The boltconn/src/config covers most of the configurations that are defined by yaml structure. However, there are something not falling in this scope, like rules and some MitM actions. If you find some code too messy to understand, don't hesitate to let me know.

The RESTful APIs are basically under web_controller.rs. The APIs started with /ws/ are not RESTful APIs but WebSocket connections. They are used for streaming data without repeated calls.

For your two questions:

  1. The biggest reason is, in my prior implementation, there is no global id for a connection. So at that time, the "stop" function is pretty useless and I forgot about that. With the current implementation, I'll add that function to CLI soon.
  2. I have an example for systemd service here:
    
    [Unit]
    Description=BoltConn Service
    After=network.target

[Service] ExecStartPre=/usr/local/bin/boltconn clean ExecStart=/usr/local/bin/boltconn start ExecStop=/usr/local/bin/boltconn clean Restart=always User=root Group=root

[Install] WantedBy=multi-user.target


We can add that as an pure example, or after a better installation script/guide is done and change the installation path correspondingly.

I'm also considering adding a up-to-date and more completed configuration example recently. Currently I'm working on adding Windows support, so when I'll work for this is unsure though.
anoduck commented 1 month ago

Currently I'm working on adding Windows support

But why? ...jk 😆

XOR-op commented 1 month ago

Because I also have some Windows machines and I want to control their network activities :)

anoduck commented 1 month ago

Repo is here: https://github.com/anoduck/BoltConn-Docs


Is it just me or is this socks5 proxy being assigned three different ports? Also, which one is being assigned to which end?

enable-tun: false
http: 1080
socks5:
  - 2000
  - host: 0.0.0.0
    port: 8080
  - port: 3000
    auth:
      alice: bob
      browser: none
XOR-op commented 1 month ago

@anoduck Thanks for your work! Would you mind creating a new Pull Request to this repository and put them under /docs? In this way it's easy to correct mistakes and be updated for the future change, and you will also be credited for your contribution. (A small reminder is that you may want to use the no-reply email linked to your github account for the proper credit.)

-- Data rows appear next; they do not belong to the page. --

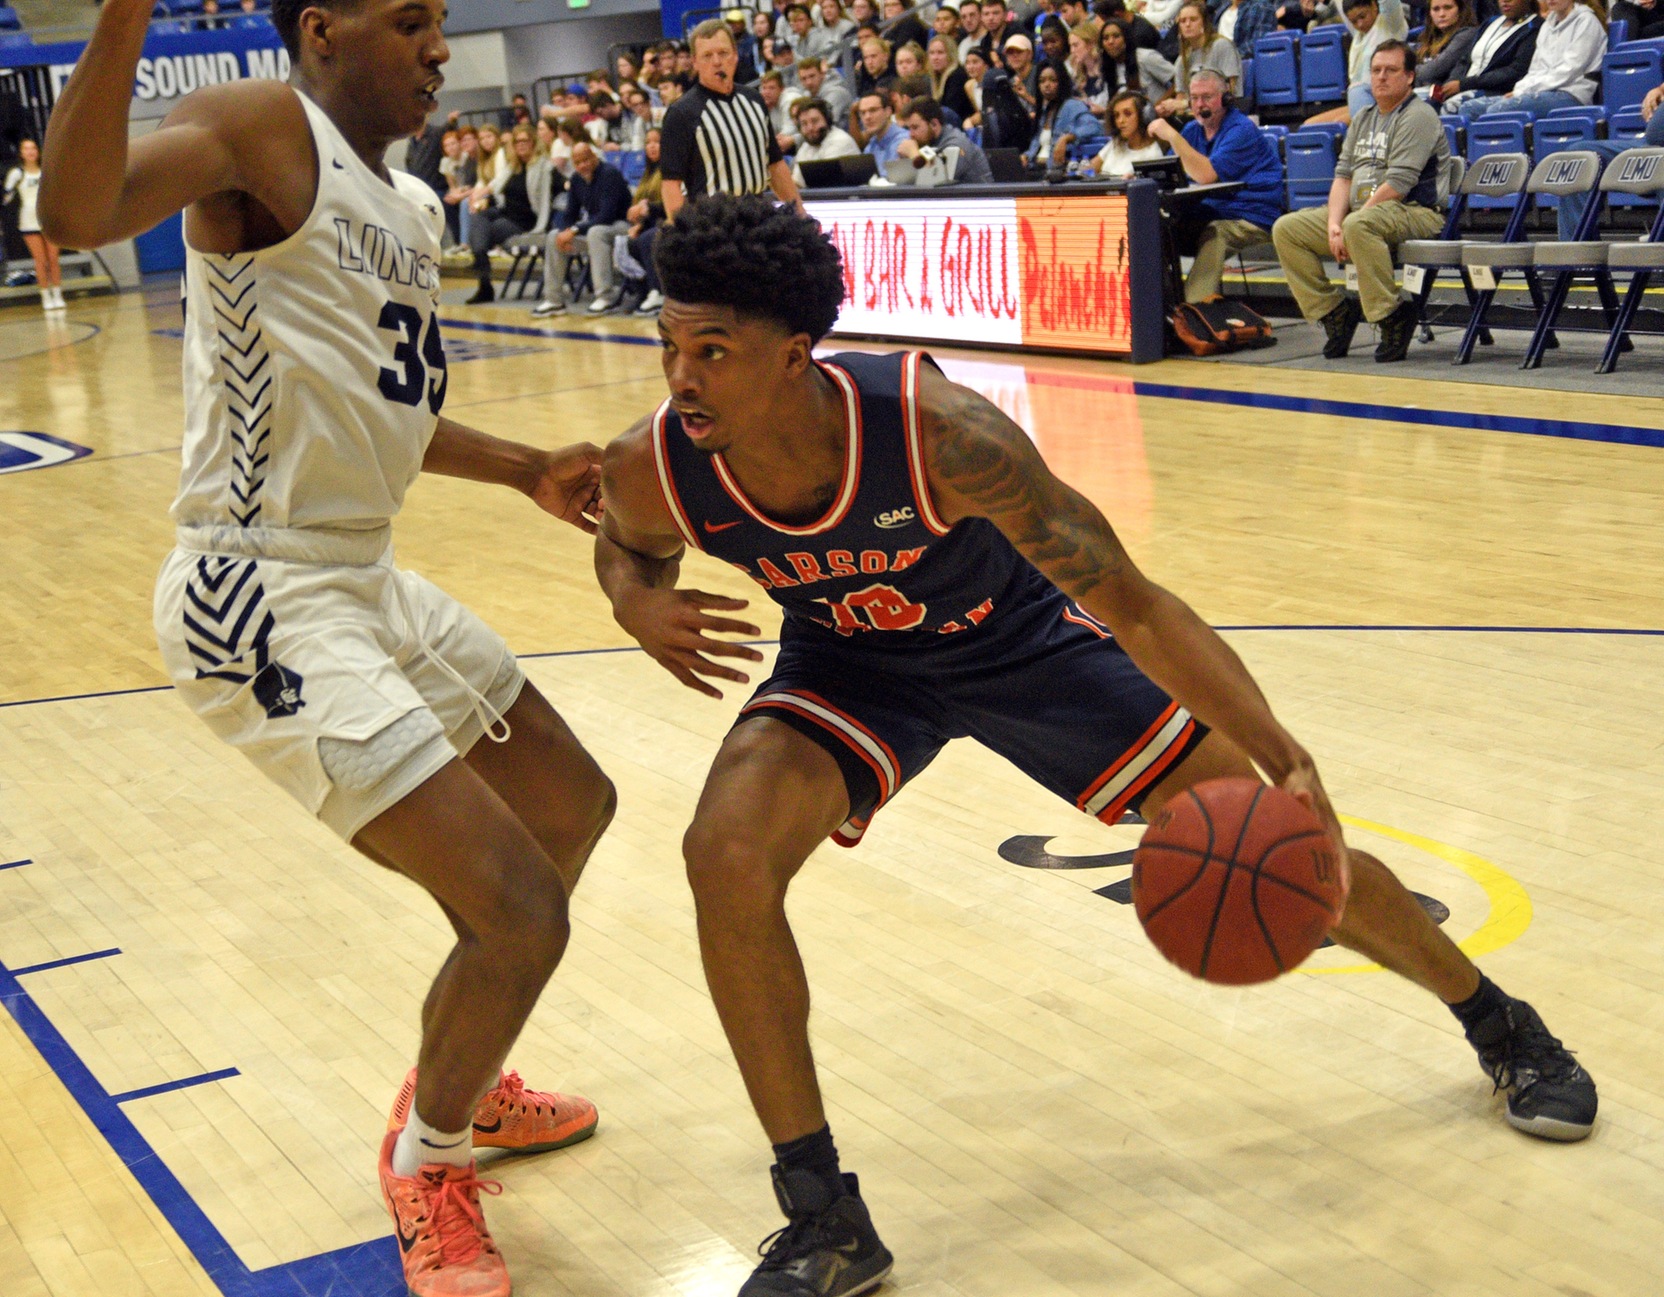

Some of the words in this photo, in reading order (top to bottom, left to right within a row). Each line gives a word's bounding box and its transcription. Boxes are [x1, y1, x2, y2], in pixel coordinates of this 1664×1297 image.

[136, 52, 240, 99] SOUND
[1477, 160, 1517, 187] LMU
[1544, 158, 1587, 186] LMU
[1618, 154, 1664, 183] LMU
[334, 217, 440, 291] LINC
[864, 218, 914, 315] BAR
[878, 506, 915, 525] SAC
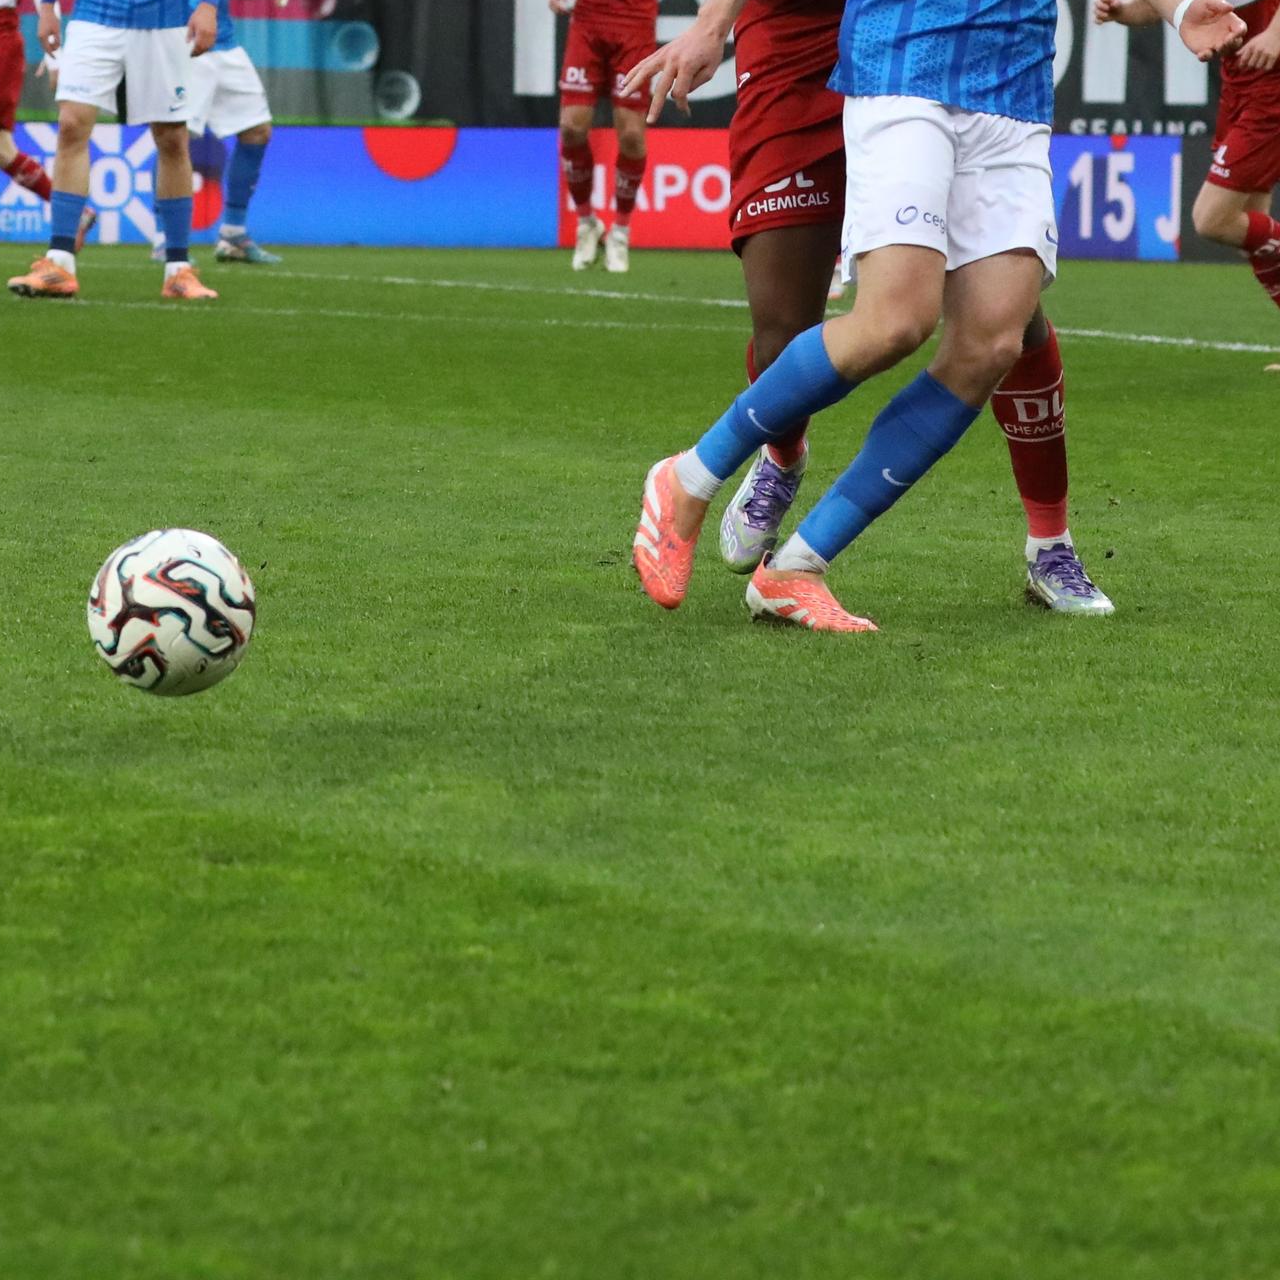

As for the socks5 inbound, BoltConn supports listening on multiple ports simutaneously, and each port can be configured with authentication individually. With this design, we can use INBOUND rule to match different policies to different applications (e.g. Firefox multi-account containers can configure proxy individually, but we cannot use PROCESS-* rules to distinguish them since they have the same process information). Their functionalities are identical, and the main reason to use them is to use with INBOUND rule conjunctively.

anoduck commented 1 month ago

@anoduck Thanks for your work! Would you mind creating a new Pull Request to this repository and put them under /docs? In this way it's easy to correct mistakes and be updated for the future change, and you will also be credited for your contribution. (A small reminder is that you may want to use the no-reply email linked to your github account for the proper credit.)

Do you want me to merge it into the pre-existing docs, or do you want me to set it up so you can use it as submodule? The latter would allow you to separate the version management of the docs from BoltConn itself. Just something to think about.

XOR-op commented 1 month ago

I prefer the former one. To me, putting documentations and examples together with code is not a bad idea for most open-source project (except some extremely large project like kubernetes), and it's easier to release a new version with corresponding documentations. Feel free to overwrite the existing outdated documentations.

anoduck commented 1 month ago

Alright, I am forking, merging, and pr-ing.

Still need to finish the write-up for rules, interceptors, and one other thing that slips the mind.